Techne/Phronesis: Deeper Analysis, Wider Influences The techne/phronesis distinction can be developed in a number of directions that run beyond the scope of this paper. There are exegetical and philosophical interpretations of Aristotle’s texts regarding the nature and significance of the distinction (one example is Dunne’s, 1993, proposal of a “phronetic techne” cited above). There are also commentaries on the nature of each term in this contrast. For example, in her paper on Aristotelian rationality Nussbaum (1990) examines how the importance of context, particularity, and the incommensurability of values reveal

that phronetic deliberation is not a process of applying general rules to specific cases, nor is it an instance of scientific methodology. Similar critiques of the rules/cases model are made by McDowell (in his paper, “Virtue and reason,” in McDowell, 1998) and Wiggins (1980). Perhaps more germane to the topic of this paper is the philosophical return to Aristotle’s ethics as the basis for a critique of the modern assimilation of human science to natural science.
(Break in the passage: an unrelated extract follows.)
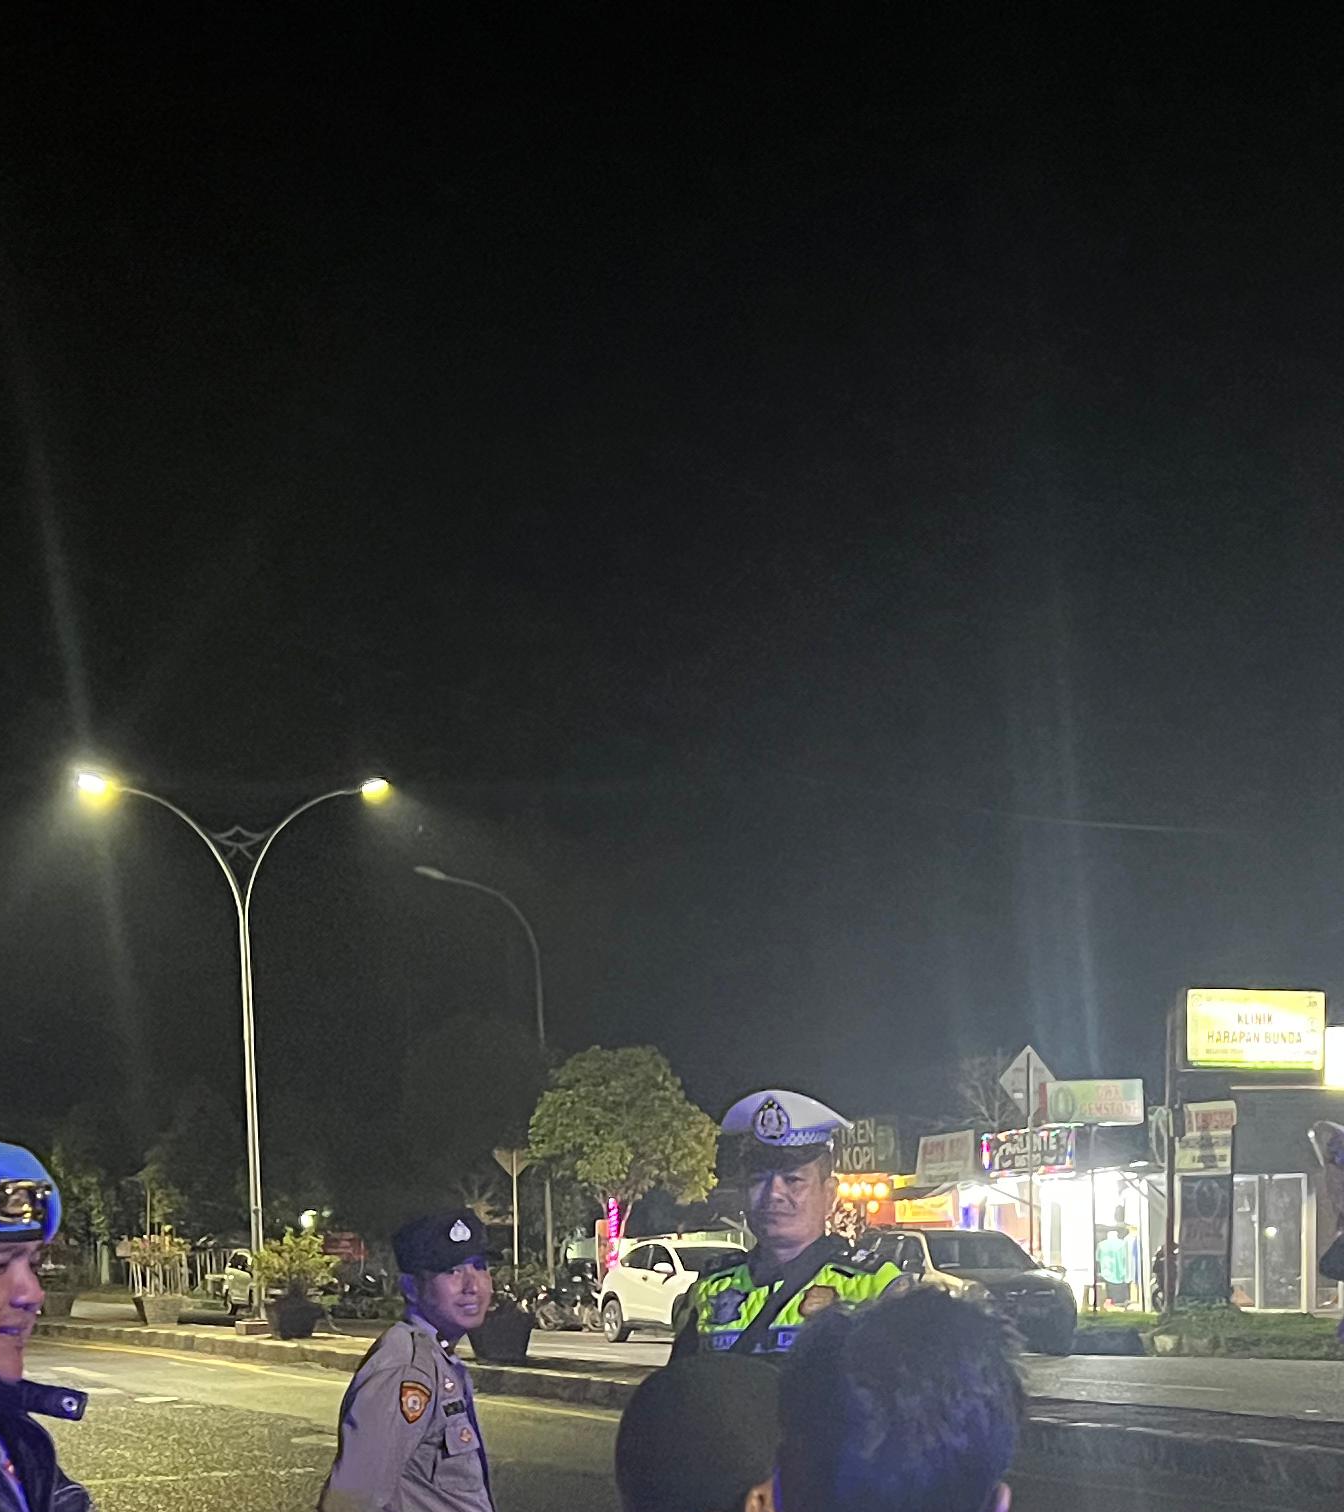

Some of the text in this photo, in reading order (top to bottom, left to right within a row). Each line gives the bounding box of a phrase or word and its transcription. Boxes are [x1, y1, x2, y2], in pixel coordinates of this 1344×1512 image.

The techne/phronesis distinction has often been an important part of this critique (see, e.g., Gadamer’s discussion of the hermeneutic relevance of Aristotle in Truth and Method, 1965/ 1975, pp. 278f). The history of this critique is long and complex. Volpi (1999) gives an overview of German neo-Aristotelianism that places Gadamer in the context of other work which reexamines the human sciences in light of practical philosophy. There are striking differences among the major figures in this field. Bernstein (1991) sees a fateful significance in the fact that Heidegger focused on the contrast between techne and episteme in his analysis of technology, while Gadamer focused on the techne/ phronesis distinction. There are further ripples out from these philosophers that return directly to psychotherapy. Both Stern’s (1997) psychoanalytic therapy and Cushman’s (1995) moral-critical therapy borrow directly from Gadamer in ways that repudiate a technological model of therapy. Bohart and Tallman (1999), who are not directly influenced by hermeneutic philosophy, put forward a model of therapy as collaborative conversation which has affinities with Stern and Cushman. Clearly, the techne/phronesis distinction has ramifications far beyond the uses to which I have put it in this paper. I have used it here for two purposes: 1) to think beyond the technological model of therapy in a language which dovetails with Taylor’s hermeneutic critique of a technological model of human science; and 2) to highlight the central role of views of a good life in both psychological problems and the therapy intended to address them.